(Data items)
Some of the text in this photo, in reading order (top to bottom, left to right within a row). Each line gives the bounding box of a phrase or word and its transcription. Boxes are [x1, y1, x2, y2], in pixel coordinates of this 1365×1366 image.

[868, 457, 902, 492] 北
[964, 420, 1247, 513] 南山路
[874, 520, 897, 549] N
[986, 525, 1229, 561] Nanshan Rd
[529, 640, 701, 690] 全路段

* _Goal of the exercise_
Repeat back all entries verbatim.

* _Solution to the problem_
Some of the text in this photo, in reading order (top to bottom, left to right within a row). Each line gives the bounding box of a phrase or word and its transcription. Boxes are [x1, y1, x2, y2], in pixel coordinates of this 1365×1366 image.

[868, 457, 902, 492] 北
[964, 420, 1247, 513] 南山路
[874, 520, 897, 549] N
[986, 525, 1229, 561] Nanshan Rd
[529, 640, 701, 690] 全路段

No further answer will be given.